Many Pine Creek Condominium tenants accessed their illegally-converted loft bedrooms using ladders, which are considered a safety hazard. City of San Luis Obispo

HOW SLO’S RENTAL HOUSING INSPECTION PROGRAM WORKED

After years of discussing rental housing inspections, the San Luis Obispo City Council approved a program in May 2015, and inspections began in 2016.

The program was designed to combat dangerous living situations like the ones that occurred at Pine Creek.

However, the idea of inspecting city rentals for safety issues was not new.

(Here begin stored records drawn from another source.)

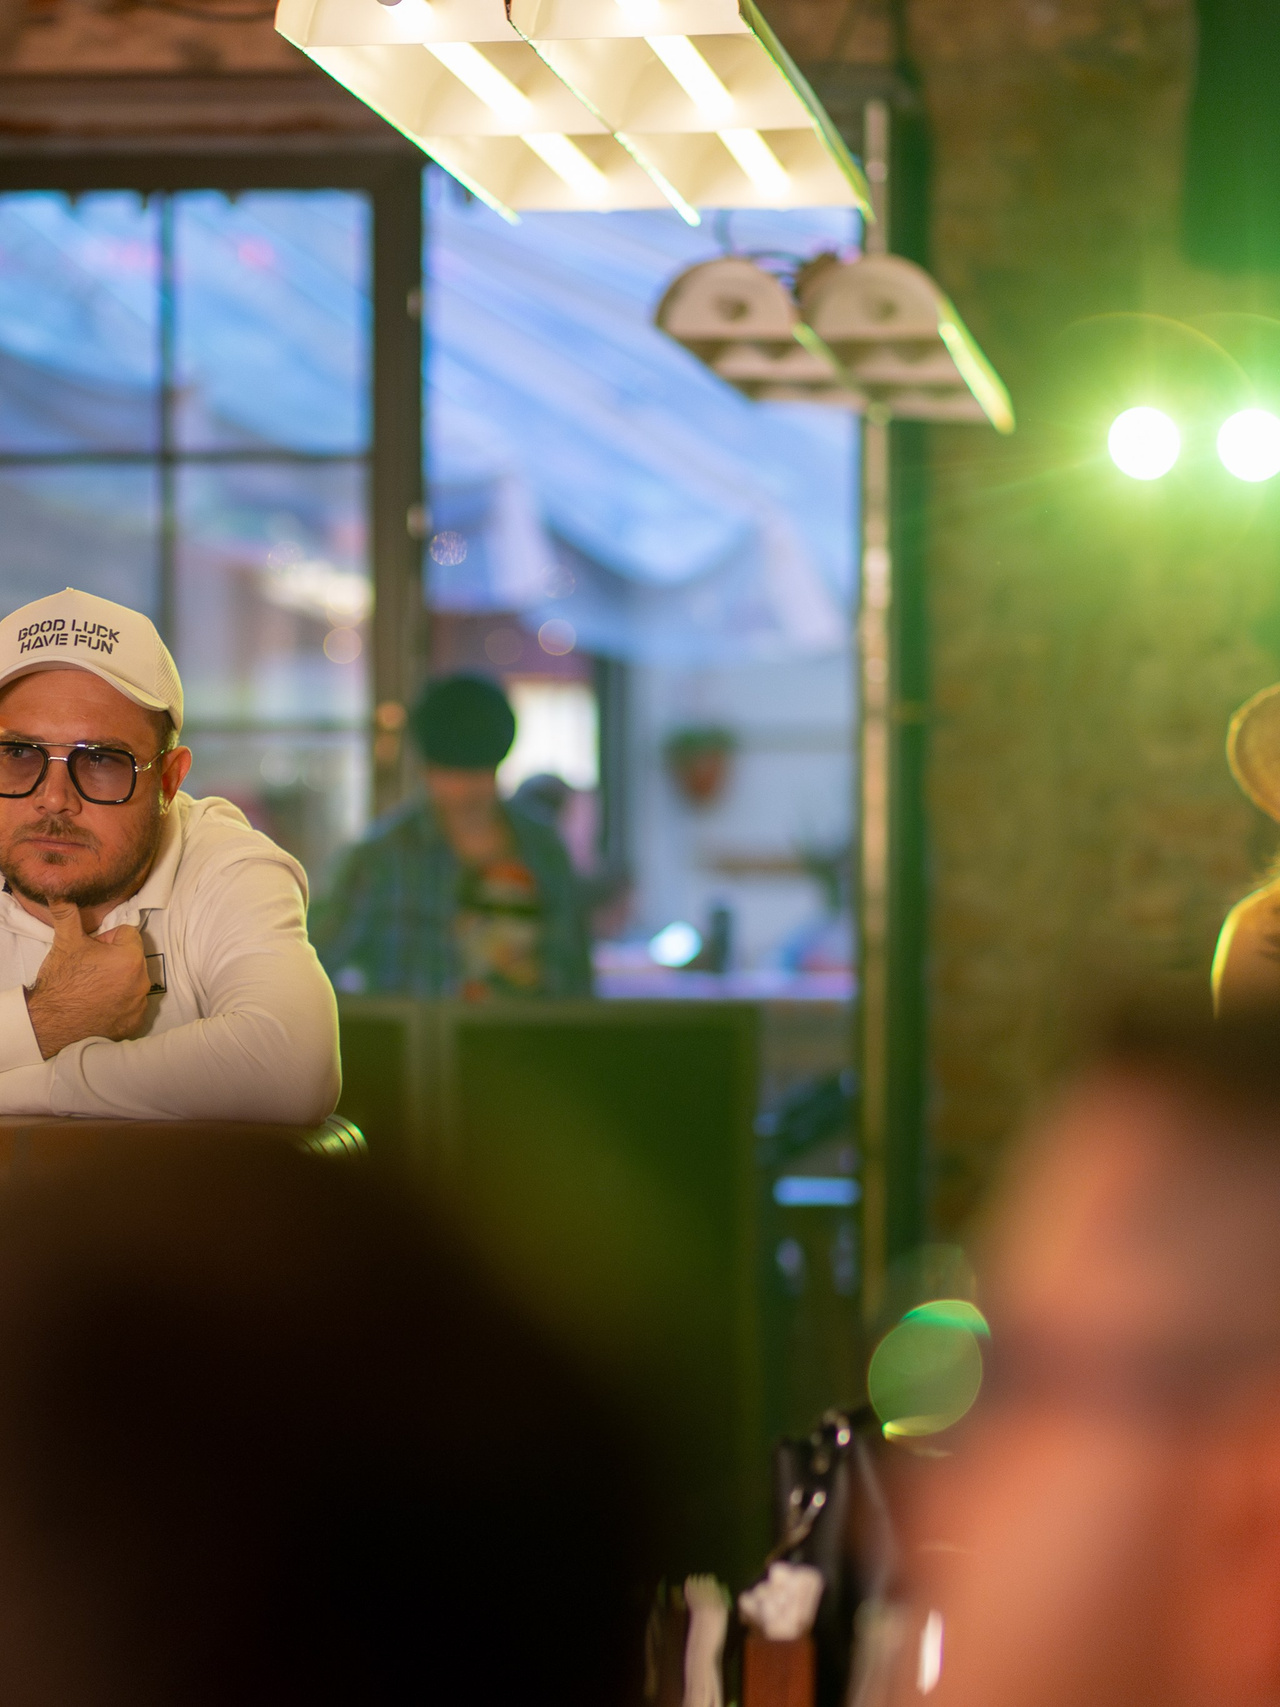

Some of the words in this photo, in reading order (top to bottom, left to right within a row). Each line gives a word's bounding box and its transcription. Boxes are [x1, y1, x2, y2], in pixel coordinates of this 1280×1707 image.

[17, 619, 65, 642] GOOD
[71, 619, 120, 643] LUCK
[20, 633, 69, 653] HAVE
[74, 634, 114, 655] FUN
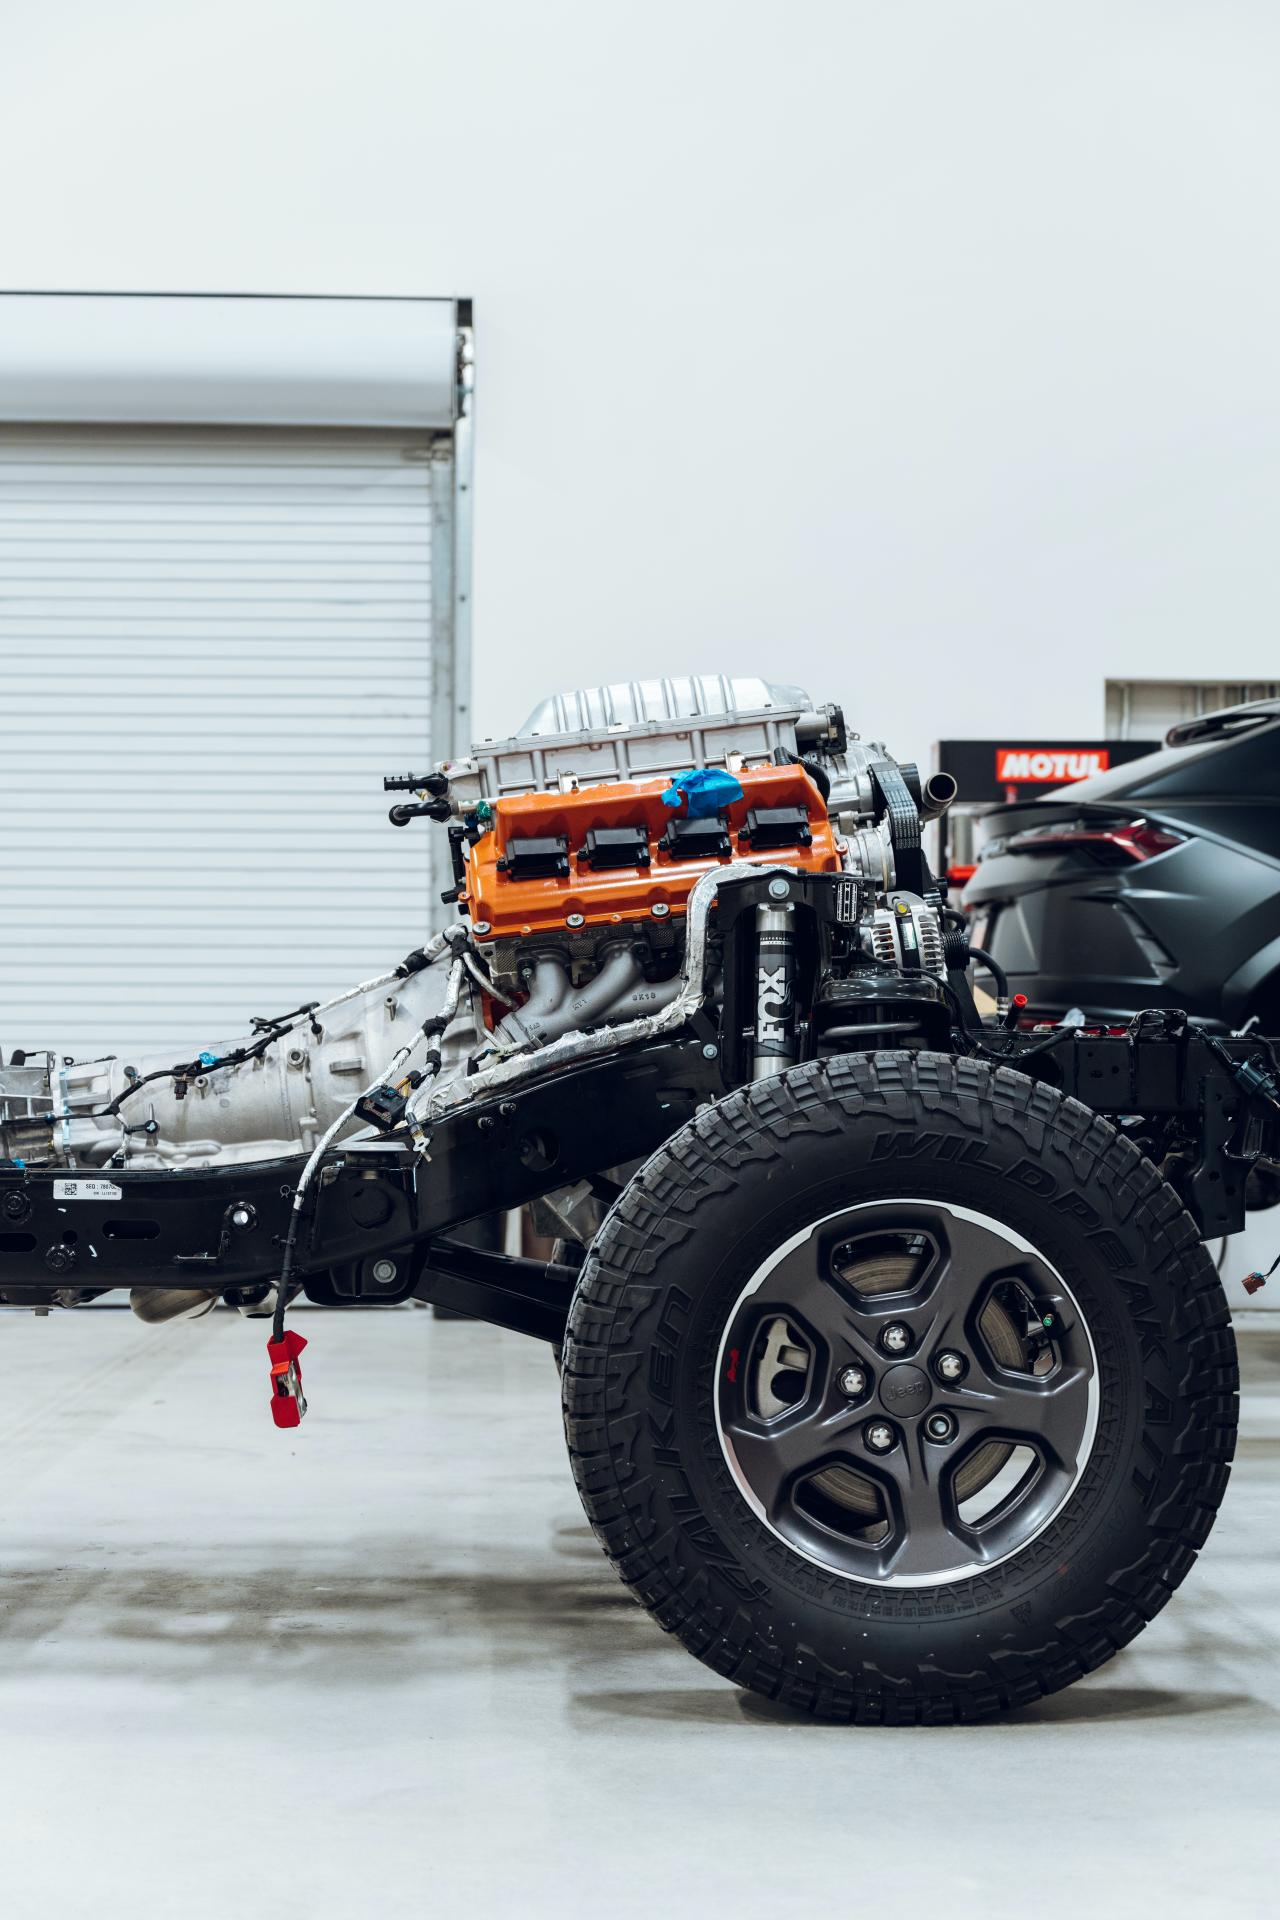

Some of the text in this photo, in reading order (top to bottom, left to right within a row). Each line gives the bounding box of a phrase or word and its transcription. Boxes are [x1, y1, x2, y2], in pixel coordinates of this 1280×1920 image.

[1002, 754, 1103, 779] MOTUL
[757, 967, 788, 1043] FOX
[868, 1129, 1169, 1367] WILDPEAK
[887, 1381, 924, 1400] Jeep
[646, 1283, 773, 1607] FALKEN
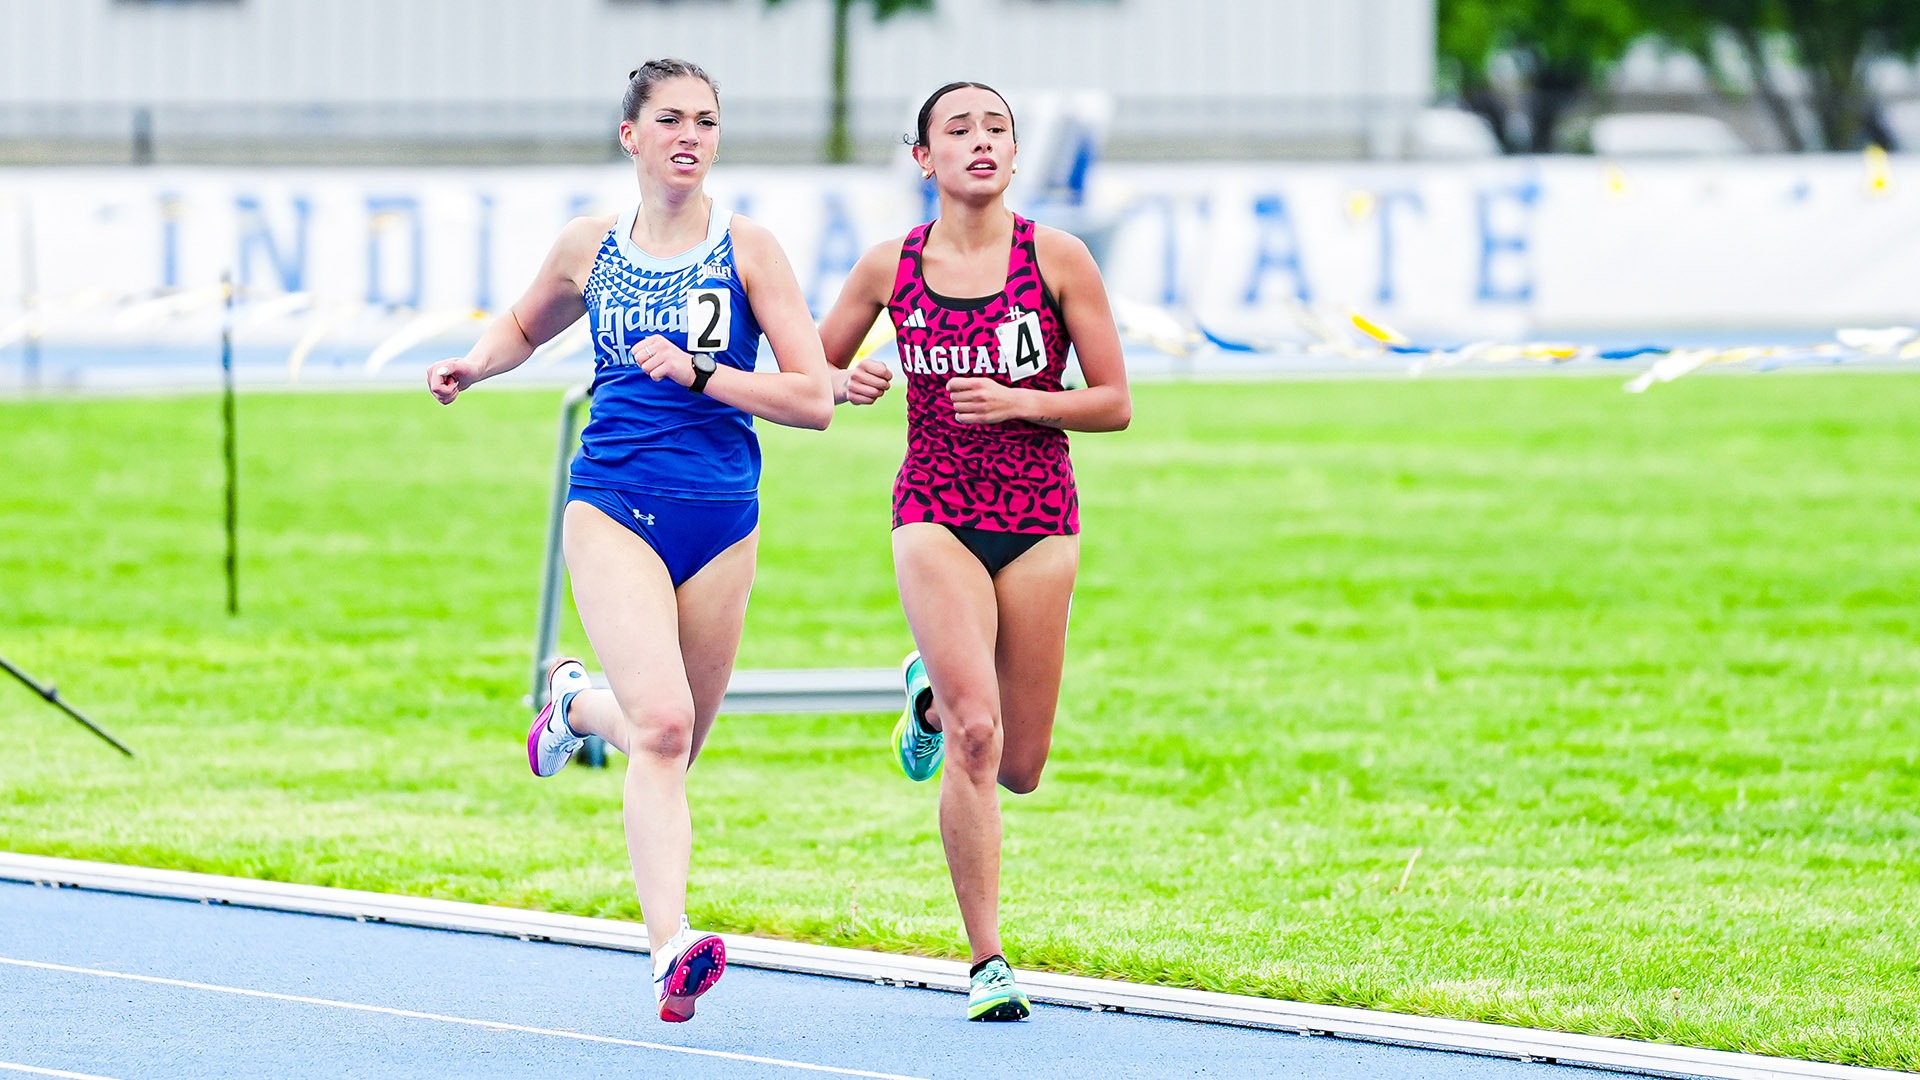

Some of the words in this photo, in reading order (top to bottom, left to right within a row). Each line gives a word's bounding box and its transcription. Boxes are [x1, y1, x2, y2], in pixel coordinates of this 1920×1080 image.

[154, 190, 872, 315] INDIA
[1126, 186, 1541, 304] TATE
[697, 293, 721, 348] 2
[1016, 321, 1040, 370] 4

In fact, to date, San Luis Obispo has been conducting some form of rental inspections for more than 15 years. Since 2005, the city Fire Department has charged landlords an annual fee to conduct mandatory inspections of all multi-family housing complexes with more than three units to make sure they’re fire-safe and properly outfitted with smoke and carbon monoxide detectors.

But those inspections don’t apply to the city’s single-family and duplex units, which make up about 38% of the city’s rental stock, according to U.S. Census Bureau data.

At the time, San Luis Obispo City Manager Derek Johnson — who was the community services director in 2015 when the City Council met to consider the program — showed council members photos of bedrooms located in garages without insulation and a housing unit powered by a single electrical wire strung through the doorknob.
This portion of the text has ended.